The CMS sent letters asking Gilead, AbbVie, J&J and Merck ($MRK) to provide information about deals they make with health insurers that tie payments to treatment outcomes, potentially lowering costs and making the drugs more accessible for patients. Drugmakers are required to offer Medicaid programs their "best price" for hep C meds, the CMS points out. But drugs such as Gilead's Sovaldi and Harvoni and AbbVie's Viekira Pak run at more than $80,000 per treatment course, prices that are difficult for some Medicaid programs to stomach no matter how many discounts companies offer.

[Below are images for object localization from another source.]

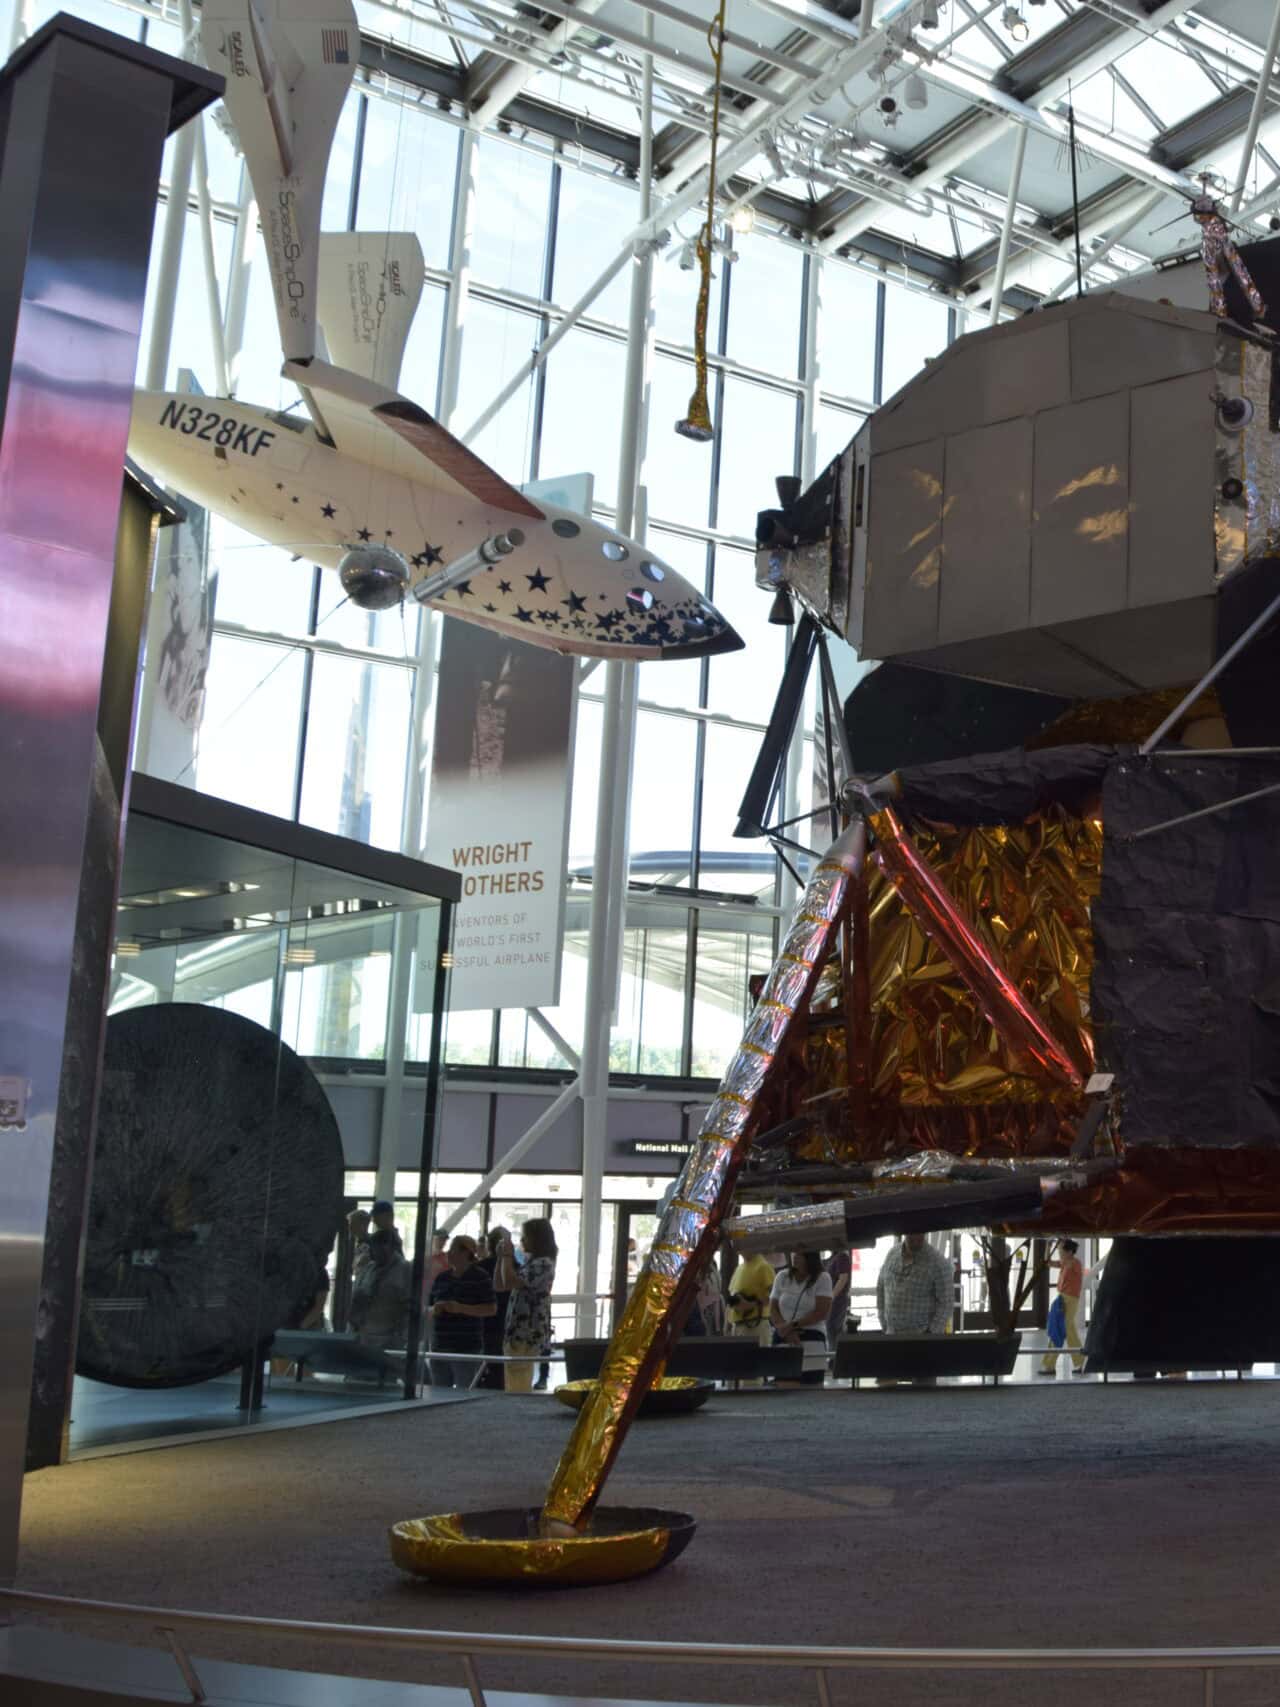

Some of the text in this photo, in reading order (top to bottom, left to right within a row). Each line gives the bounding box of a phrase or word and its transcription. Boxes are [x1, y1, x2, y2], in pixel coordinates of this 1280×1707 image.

[160, 400, 276, 456] N328KF
[452, 841, 533, 868] WRIGHT
[464, 871, 545, 897] OTHERS
[513, 912, 528, 924] OF
[457, 932, 542, 948] WORLD'S FIRST
[494, 952, 551, 966] AIRPLANE
[635, 1143, 669, 1153] National
[671, 1144, 688, 1153] Mall

"As the agency works with states on these matters, now and in the future, we cannot do that without addressing affordability concerns," the CMS said in a letter addressed to AbbVie CEO Richard Gonzalez. The agency is asking the drugmakers to respond to its questions by the end of the year.CMS acting administrator Andy Slavitt
The CMS is also putting the heat on states to make sure that poor people with hep C have access to potentially lifesaving meds, Bloomberg reports. The agency sent a letter to state Medicaid programs to remind them "of their obligation to provide access to these promising therapies based on the medical evidence, and that they have tools available to manage their costs," CMS acting administrator Andy Slavitt said in a blog post.
The move comes as hep C drugmakers duke it out in a fiercely contentious market and respond to pricing pushback for their meds with discounts. AbbVie's battle with Gilead for market share has allowed some state Medicaid programs to negotiate discounts of 40% or more for the drugs, which could widen coverage as a result.

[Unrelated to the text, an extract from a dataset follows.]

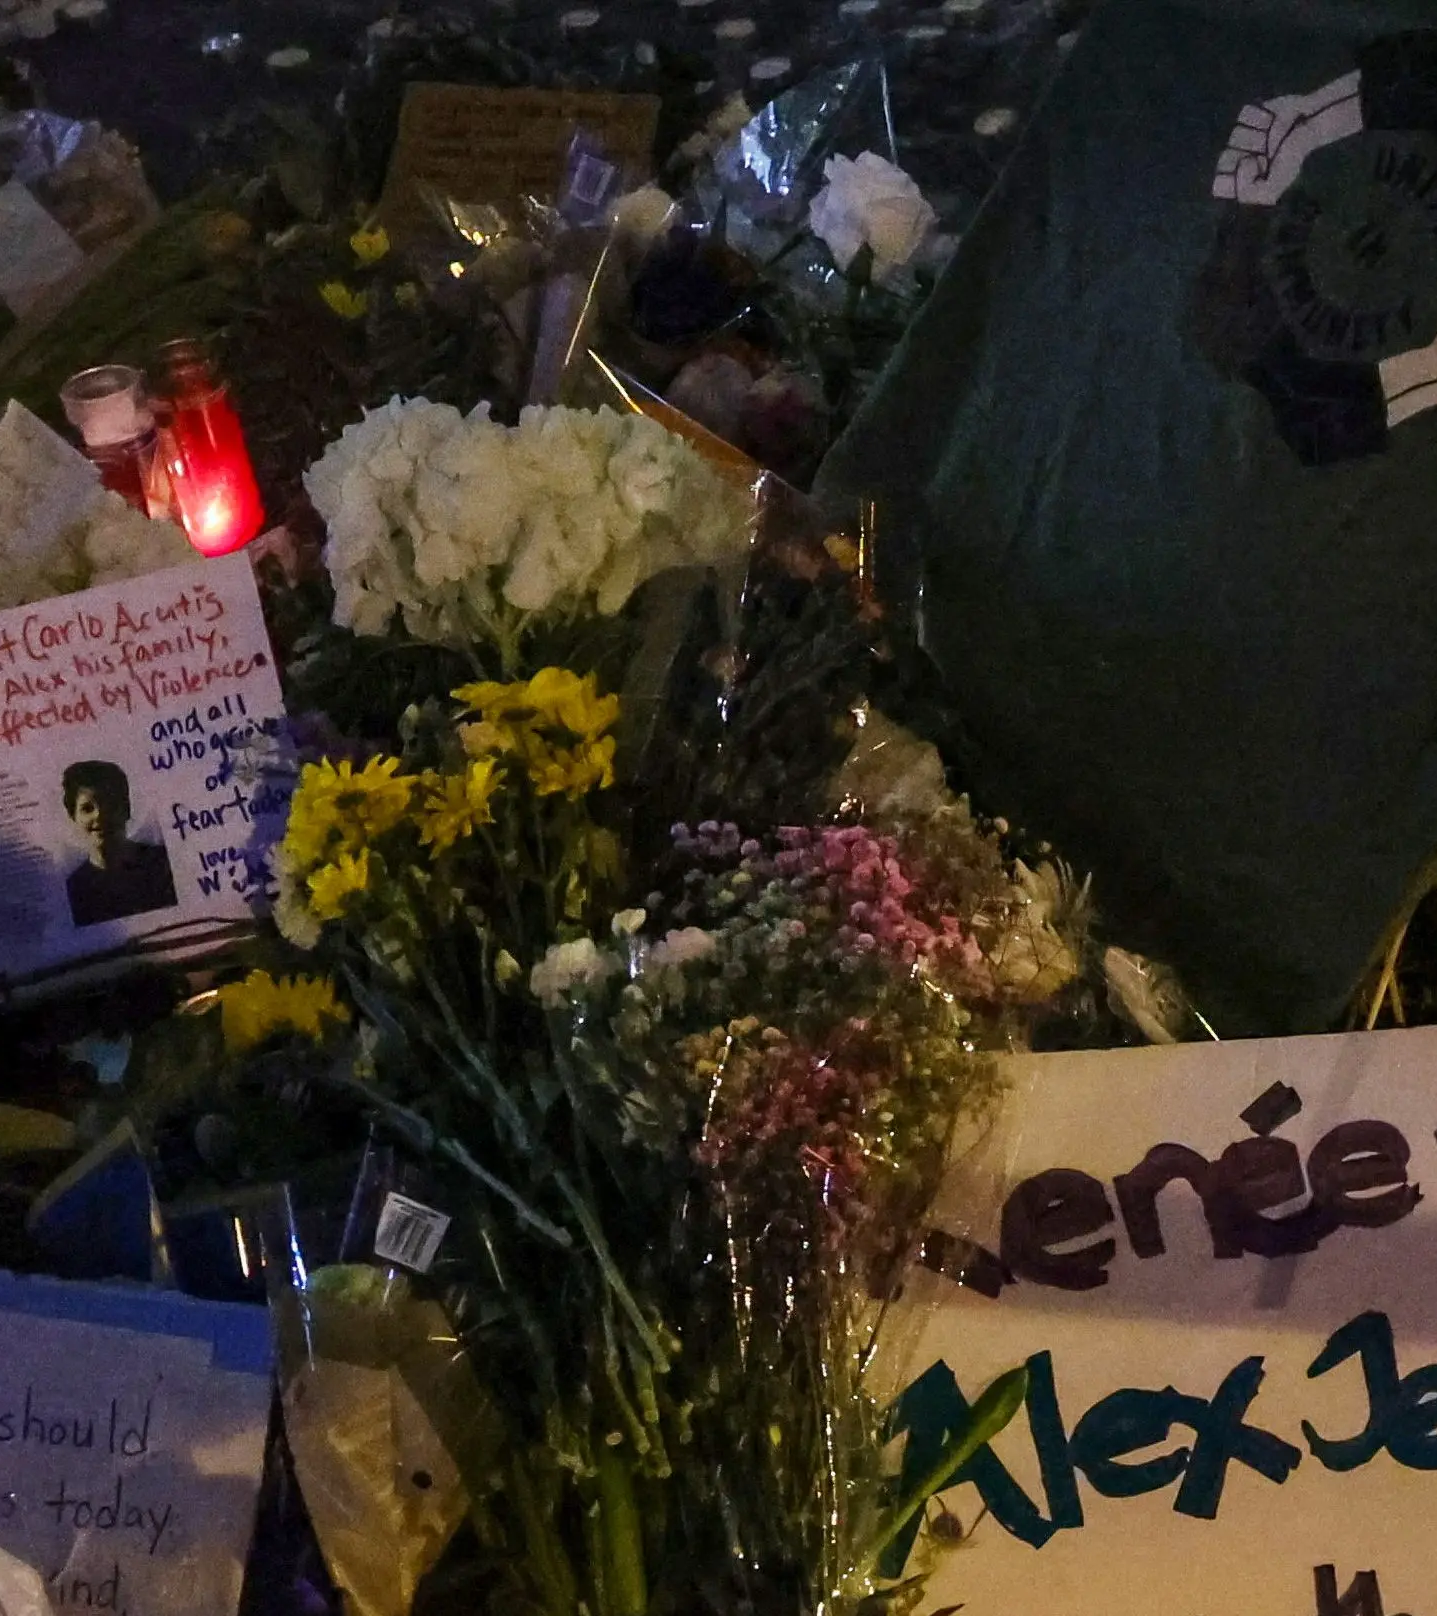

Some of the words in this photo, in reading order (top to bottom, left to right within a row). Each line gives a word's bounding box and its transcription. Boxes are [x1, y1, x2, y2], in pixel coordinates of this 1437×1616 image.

Still, most states are hesitant to open access to all eligible patients in light of costs. Texas, which has the third-largest Medicaid population after California and New York, did not spend a penny on Sovaldi during the first 9 months of 2014; a state spokeswoman said earlier this year that "price was the biggest issue" affecting coverage. California spent about $86 million on the drug during the same period, but is still restricting meds to patients with the most advanced stages of the disease.
"Total costs will go up," Matt Salo, executive director of the National Association of Medicaid Directors, said earlier this year. "While we're fortunate that the price per pill has come down from $1,000, it's still too high to provide complete access for the millions of infected patients in this country."